I also find this conceptually easier to understand. Just say each paragraph is treated as a unit, and the first few characters describe how that block of data is handled.

Finally, by parsing along paragraph lines, it limits "bad" markup to a single paragraph. For example, if you have a dangling ] or something like that, it only affects one paragraph.

Point of discussion 3: "pluggable formats"

I've wondered about the ability to mimic unix's shebang method to describe how to process the contents of a wiki page. For example, say we wanted a wiki page to display tabular data. It might be marked up like this (using #? instead of #! to avoid confusion...)
    #? tabular
    row1 column1 | column2 | column3
    row2 column1 | column2 | column3

By default, wiki pages would be, well, wiki pages. But if you have a unique page you want to display in a unique format, that could be supported. We could have formats for address books, conference schedules, code listings, etc.

Another feature of this would be for forward-compatibility. Assume for the sake of argument we build a tklib module that groks the new format. We could use this feature within a wikit to allow pages to be migrated. Existing pages could be preprocessed to include "#?old-style-wiki" (or something to that effect), and the renderer could know how to render that. As pages are hand-converted (or automatically converted) to the new format, those leading lines could be removed.

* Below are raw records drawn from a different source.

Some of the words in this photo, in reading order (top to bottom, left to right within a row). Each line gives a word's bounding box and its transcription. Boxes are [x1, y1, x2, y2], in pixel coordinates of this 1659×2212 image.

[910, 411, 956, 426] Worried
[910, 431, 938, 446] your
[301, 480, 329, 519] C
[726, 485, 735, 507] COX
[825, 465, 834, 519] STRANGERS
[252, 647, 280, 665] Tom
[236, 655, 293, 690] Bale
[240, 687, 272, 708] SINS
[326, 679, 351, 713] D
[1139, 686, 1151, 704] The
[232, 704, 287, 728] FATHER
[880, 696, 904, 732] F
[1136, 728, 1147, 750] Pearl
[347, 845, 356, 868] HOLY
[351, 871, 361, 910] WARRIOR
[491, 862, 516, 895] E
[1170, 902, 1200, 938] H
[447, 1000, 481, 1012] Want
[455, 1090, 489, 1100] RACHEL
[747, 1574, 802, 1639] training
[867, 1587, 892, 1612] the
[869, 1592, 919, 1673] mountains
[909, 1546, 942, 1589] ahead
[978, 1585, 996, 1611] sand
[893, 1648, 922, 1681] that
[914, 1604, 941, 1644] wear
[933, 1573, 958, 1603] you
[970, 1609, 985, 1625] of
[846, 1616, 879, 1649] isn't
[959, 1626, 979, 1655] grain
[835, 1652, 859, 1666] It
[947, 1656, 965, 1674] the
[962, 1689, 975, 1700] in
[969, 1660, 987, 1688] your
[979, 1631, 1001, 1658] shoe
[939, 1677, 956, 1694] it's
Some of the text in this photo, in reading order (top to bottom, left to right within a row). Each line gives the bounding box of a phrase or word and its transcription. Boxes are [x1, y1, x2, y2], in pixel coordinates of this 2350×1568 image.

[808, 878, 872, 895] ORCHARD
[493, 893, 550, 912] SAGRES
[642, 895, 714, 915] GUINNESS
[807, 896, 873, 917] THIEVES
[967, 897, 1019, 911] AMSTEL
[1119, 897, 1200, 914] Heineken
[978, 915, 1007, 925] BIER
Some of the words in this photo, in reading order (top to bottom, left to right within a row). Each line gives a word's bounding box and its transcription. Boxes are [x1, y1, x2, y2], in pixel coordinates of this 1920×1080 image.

Hmmm. That certainly looks easier to understand than the existing wiki rendering engine. My specific goal is to get something that renders in a tk text widget with a minimum of fuss.

There have been several markup conventions for rich text. At least one made it to an RFC (Are you thinking of [2]?) and one has been popular in the Mac community for a number of years [3], and then there are the Formatting Rules for the wiki

This thing you're talking about is called setext, and you should read this if you're interested in it: http://docutils.sourceforge.net/mirror/setext/setext_concepts_Aug92.etx.txt --ro

There is also the markup in Almost Free Text [4] --escargo (10/25/2002)

See htext and Structured teXt for similar ideas.

See also Notebook App's markup.

GRIDPLUS has a text widget markup facility [5].

LV From a purely markup point of view, AK's work in doctools allows one to mark up in doctools, then generate wiki, html, and other markups.